→ SUPPLIED DATA
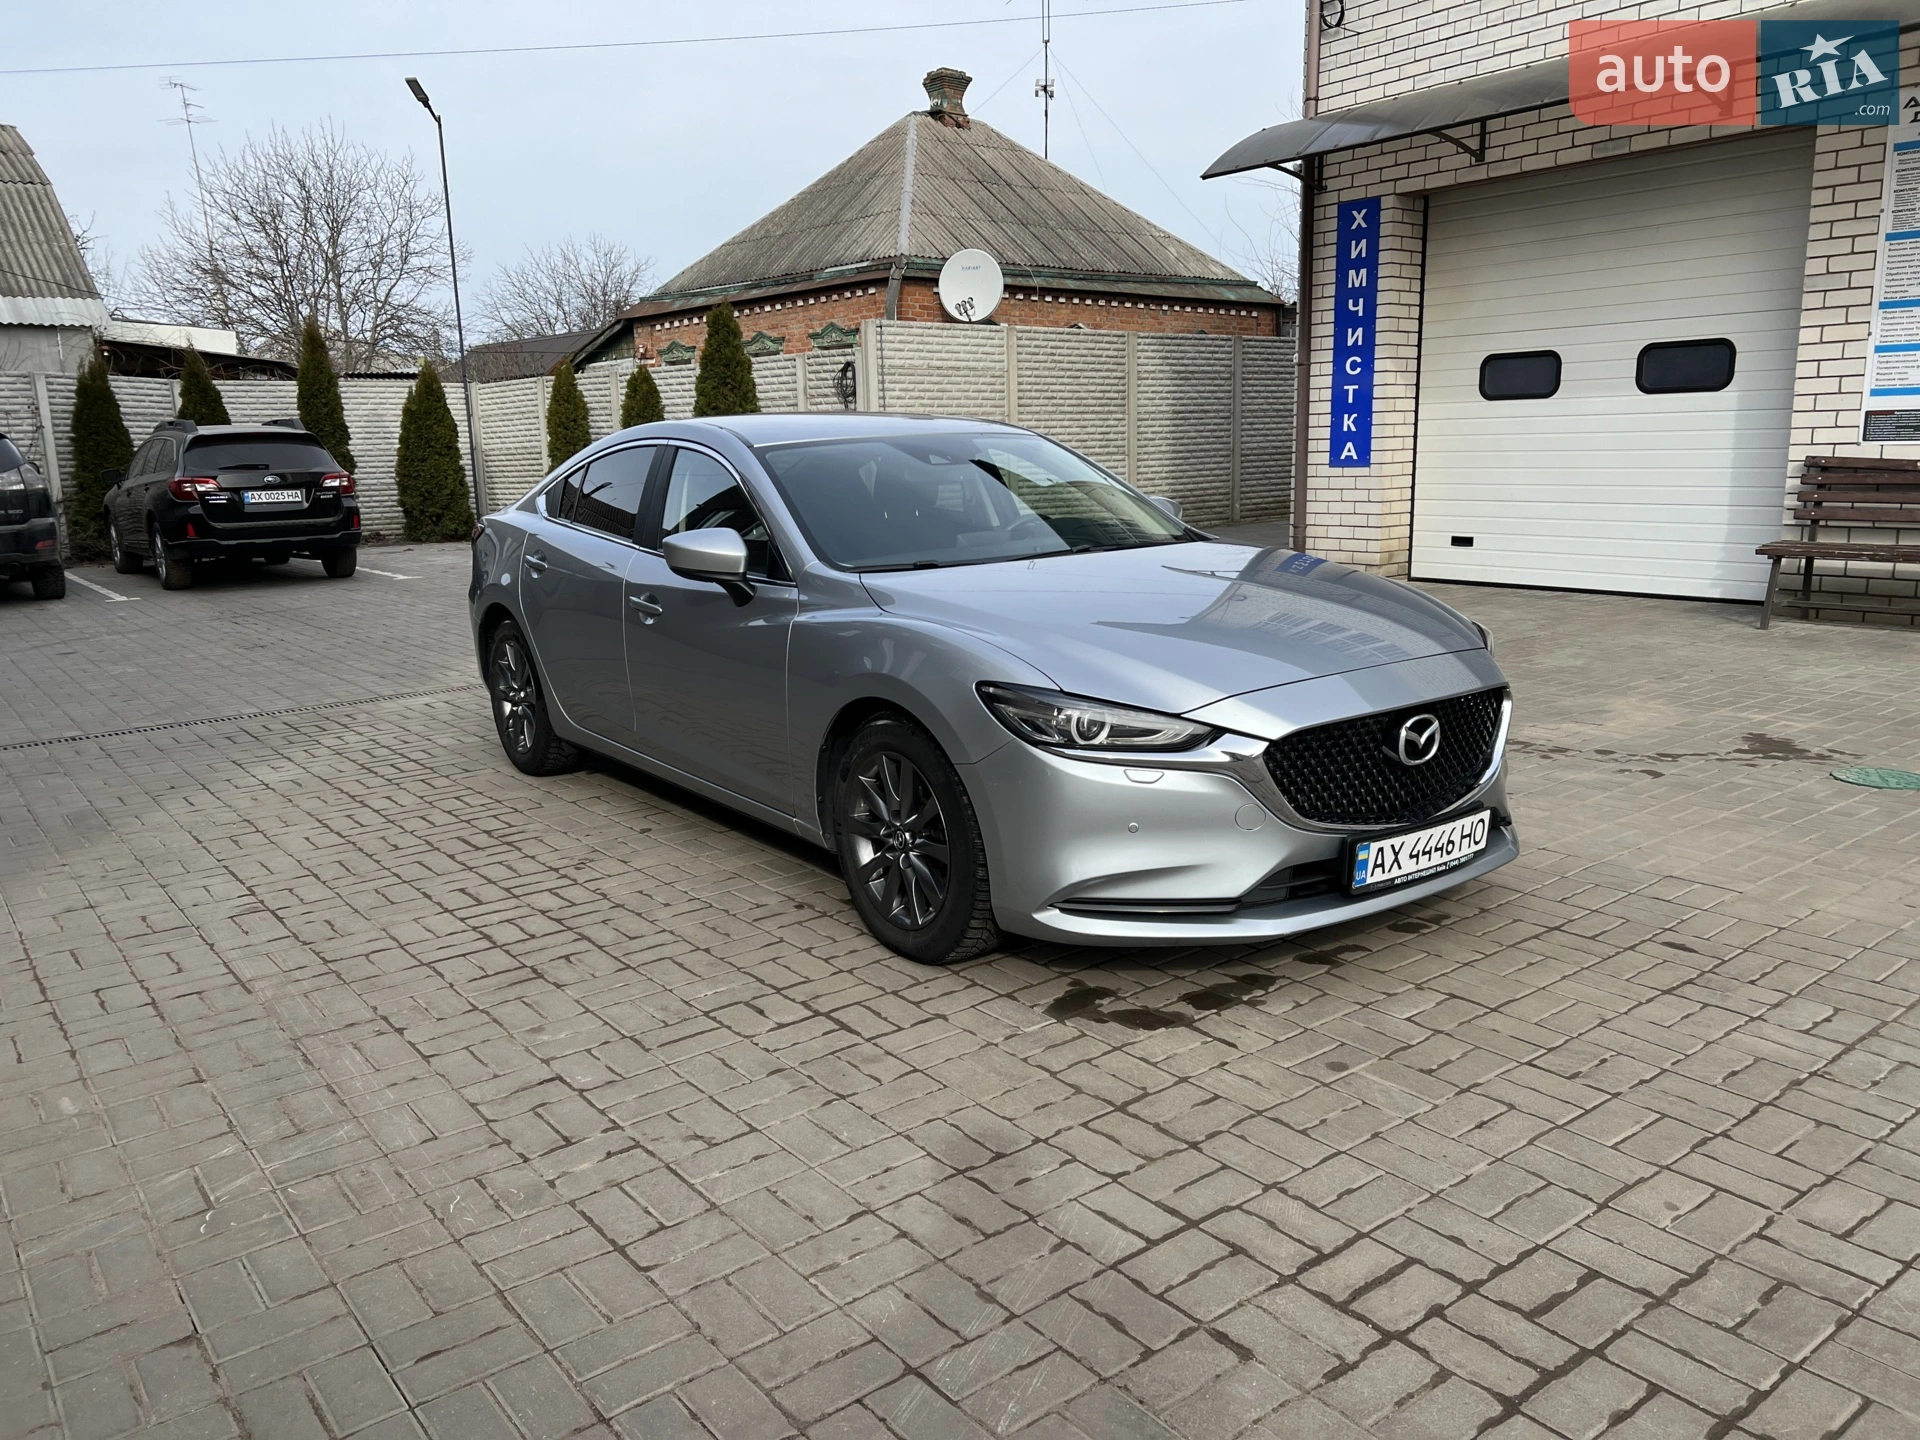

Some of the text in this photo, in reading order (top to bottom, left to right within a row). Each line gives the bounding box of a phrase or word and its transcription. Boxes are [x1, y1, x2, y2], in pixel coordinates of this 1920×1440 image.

[1340, 208, 1368, 460] ХИМЧИСТКА
[250, 491, 300, 501] AX 0025 HA
[1370, 817, 1486, 878] AX 4446 HO
[1355, 869, 1367, 881] UA
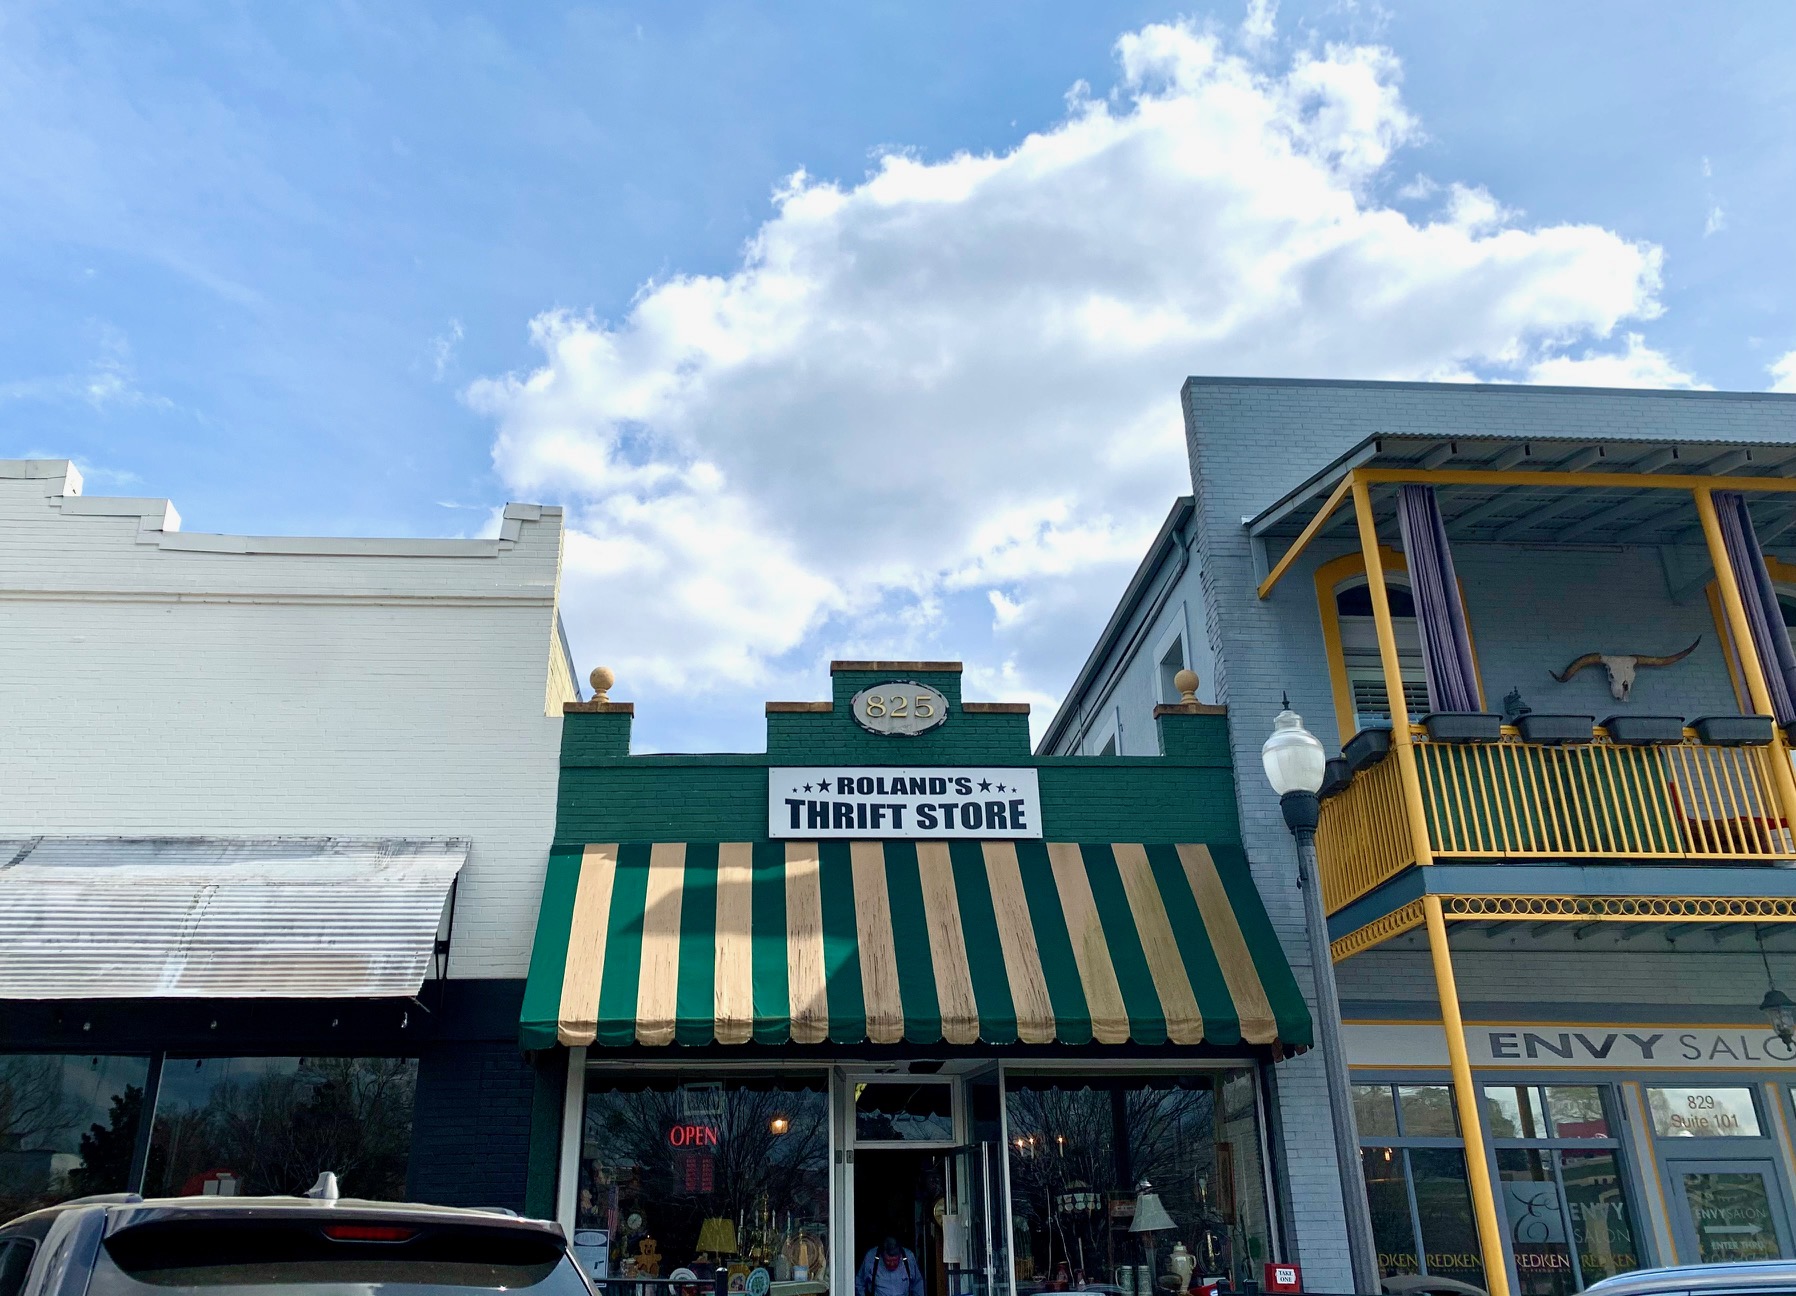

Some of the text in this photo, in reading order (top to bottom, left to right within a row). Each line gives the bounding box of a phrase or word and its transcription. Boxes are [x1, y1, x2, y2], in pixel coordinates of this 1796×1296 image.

[866, 695, 934, 718] 825
[837, 776, 972, 795] ROLAND'S
[785, 798, 1028, 830] THRIFT STORE
[1488, 1032, 1664, 1060] ENVY
[1687, 1095, 1715, 1110] 829
[1671, 1114, 1739, 1129] Suite 101
[670, 1125, 718, 1146] OPEN
[1378, 1253, 1419, 1268] DKEN
[1426, 1253, 1482, 1268] REDKEN
[1514, 1253, 1570, 1268] REDKEN

→ INSTRUCTIONS TO FOLLOW
Print the entries above word for word, without pictures.

→ TASK OUTPUT
Some of the text in this photo, in reading order (top to bottom, left to right within a row). Each line gives the bounding box of a phrase or word and its transcription. Boxes are [x1, y1, x2, y2], in pixel coordinates of this 1920×1440 image.

[1340, 208, 1368, 460] ХИМЧИСТКА
[250, 491, 300, 501] AX 0025 HA
[1370, 817, 1486, 878] AX 4446 HO
[1355, 869, 1367, 881] UA

Some of the text in this photo, in reading order (top to bottom, left to right within a row). Each line gives the bounding box of a phrase or word and its transcription. Boxes are [x1, y1, x2, y2], in pixel coordinates of this 1796×1296 image.

[866, 695, 934, 718] 825
[837, 776, 972, 795] ROLAND'S
[785, 798, 1028, 830] THRIFT STORE
[1488, 1032, 1664, 1060] ENVY
[1687, 1095, 1715, 1110] 829
[1671, 1114, 1739, 1129] Suite 101
[670, 1125, 718, 1146] OPEN
[1378, 1253, 1419, 1268] DKEN
[1426, 1253, 1482, 1268] REDKEN
[1514, 1253, 1570, 1268] REDKEN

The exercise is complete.